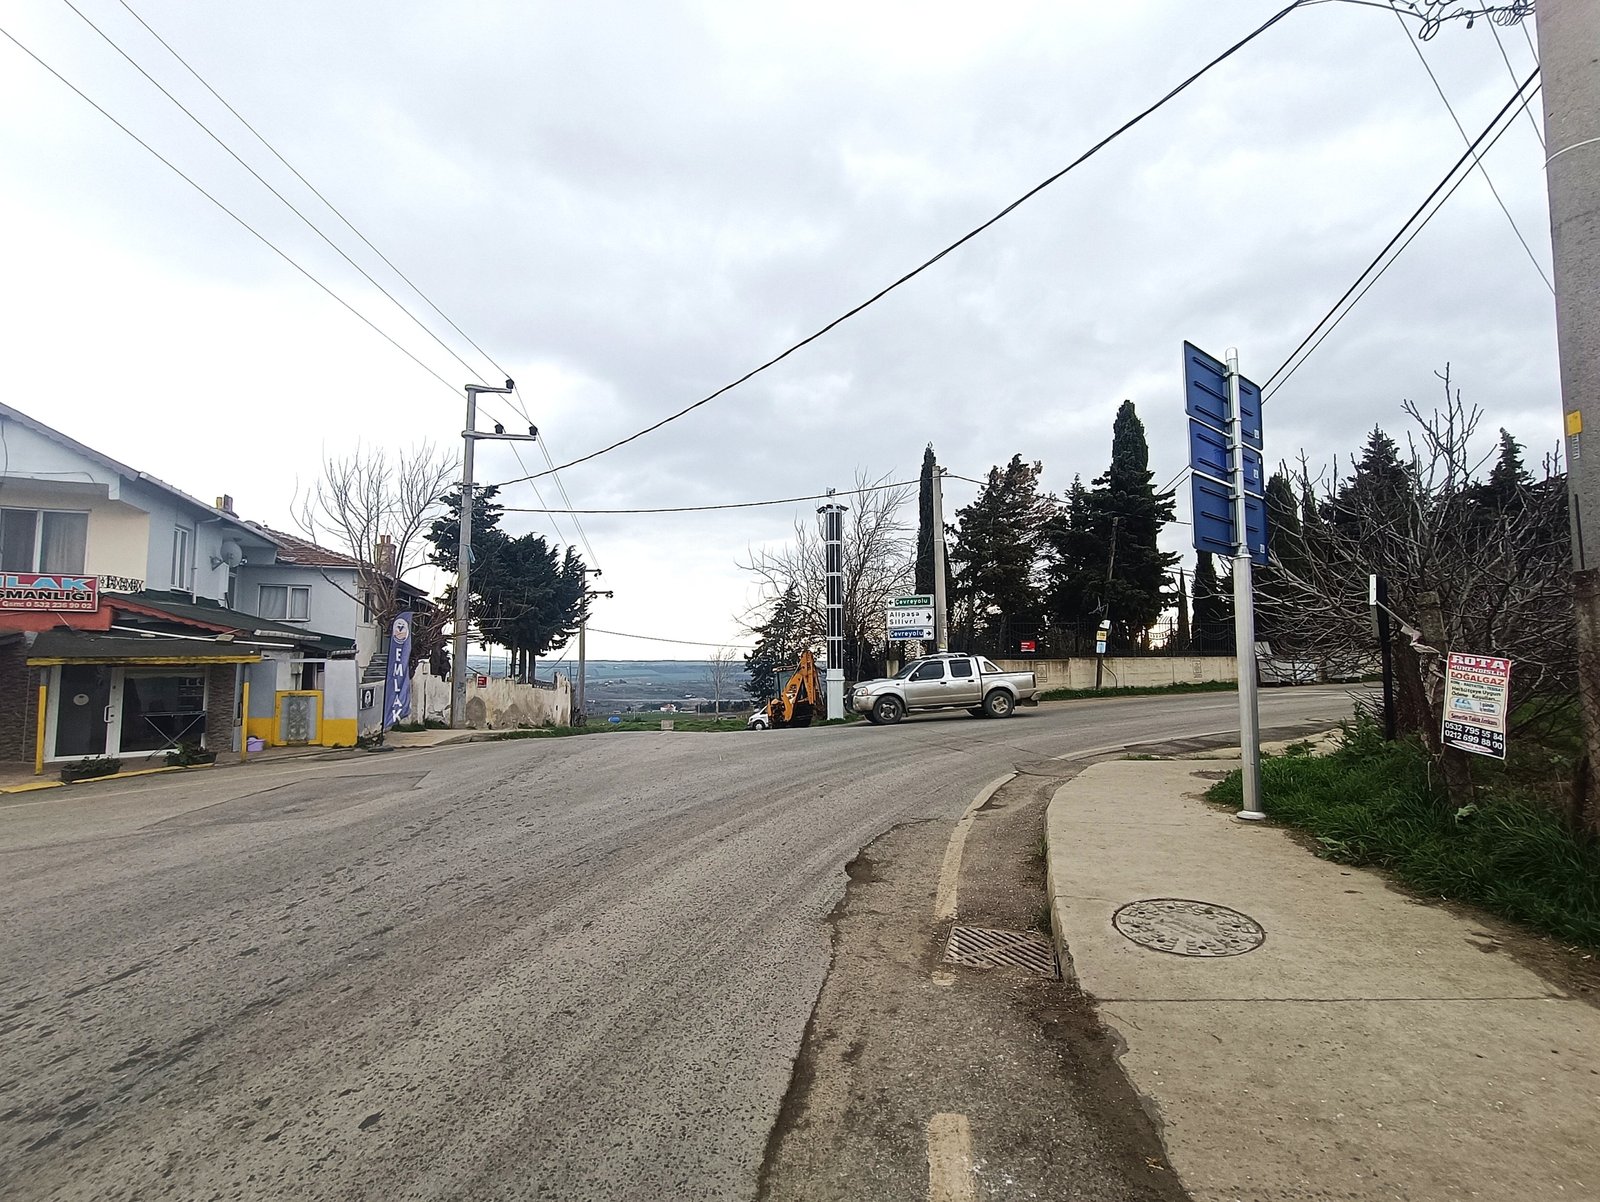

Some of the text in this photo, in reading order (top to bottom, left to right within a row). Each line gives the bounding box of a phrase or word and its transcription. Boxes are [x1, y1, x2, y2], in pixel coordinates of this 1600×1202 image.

[1451, 655, 1505, 669] ROTA
[392, 648, 404, 722] EMLAK
[1451, 671, 1504, 685] DOĞALGAZ
[1444, 730, 1462, 739] 0212
[1462, 734, 1479, 743] 699
[1481, 738, 1491, 747] 88
[1492, 741, 1503, 749] 00
[1445, 722, 1503, 741] 0532 795 55 84
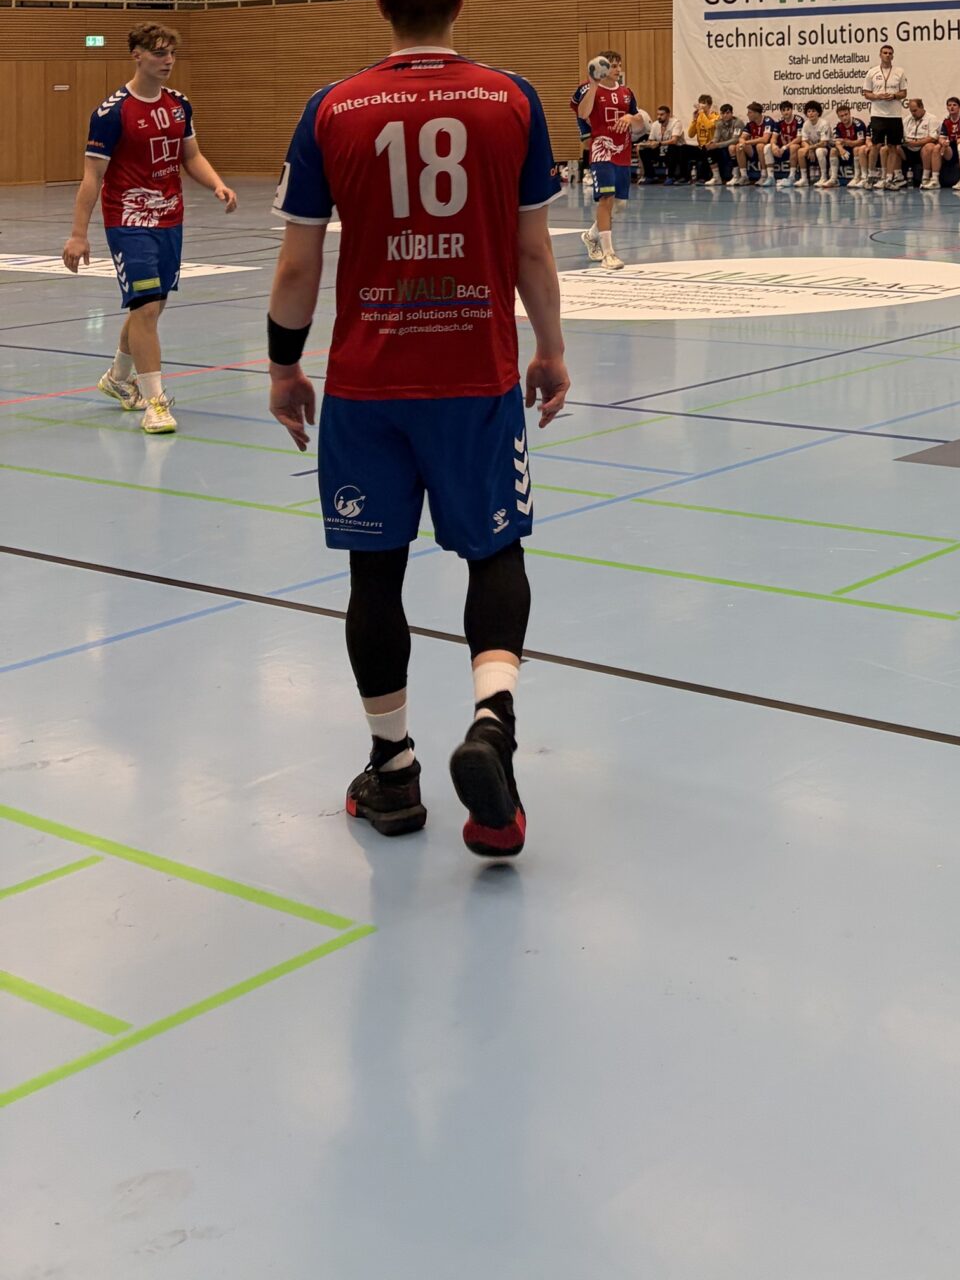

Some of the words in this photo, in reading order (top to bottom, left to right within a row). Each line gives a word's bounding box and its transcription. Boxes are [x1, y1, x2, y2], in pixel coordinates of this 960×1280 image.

◇ ◇ ◇ ◇ ◇ ◇ ◇

# [What you are asked to do]
Leave out the pictures and return the listing exactly.

# [Your solution]
Some of the text in this photo, in reading order (top to bottom, left to right within a row). Each line gives the bounding box of a phrase or word and its transcription. Boxes are [x1, y1, x2, y2], in pixel coordinates of this 1600×1202 image.

[1451, 655, 1505, 669] ROTA
[392, 648, 404, 722] EMLAK
[1451, 671, 1504, 685] DOĞALGAZ
[1444, 730, 1462, 739] 0212
[1462, 734, 1479, 743] 699
[1481, 738, 1491, 747] 88
[1492, 741, 1503, 749] 00
[1445, 722, 1503, 741] 0532 795 55 84

Some of the words in this photo, in reading order (top to bottom, left to right within a row). Each line gives a word's bounding box and its transcription. Boxes are [x1, y1, x2, y2], in pixel coordinates of this 960×1280 image.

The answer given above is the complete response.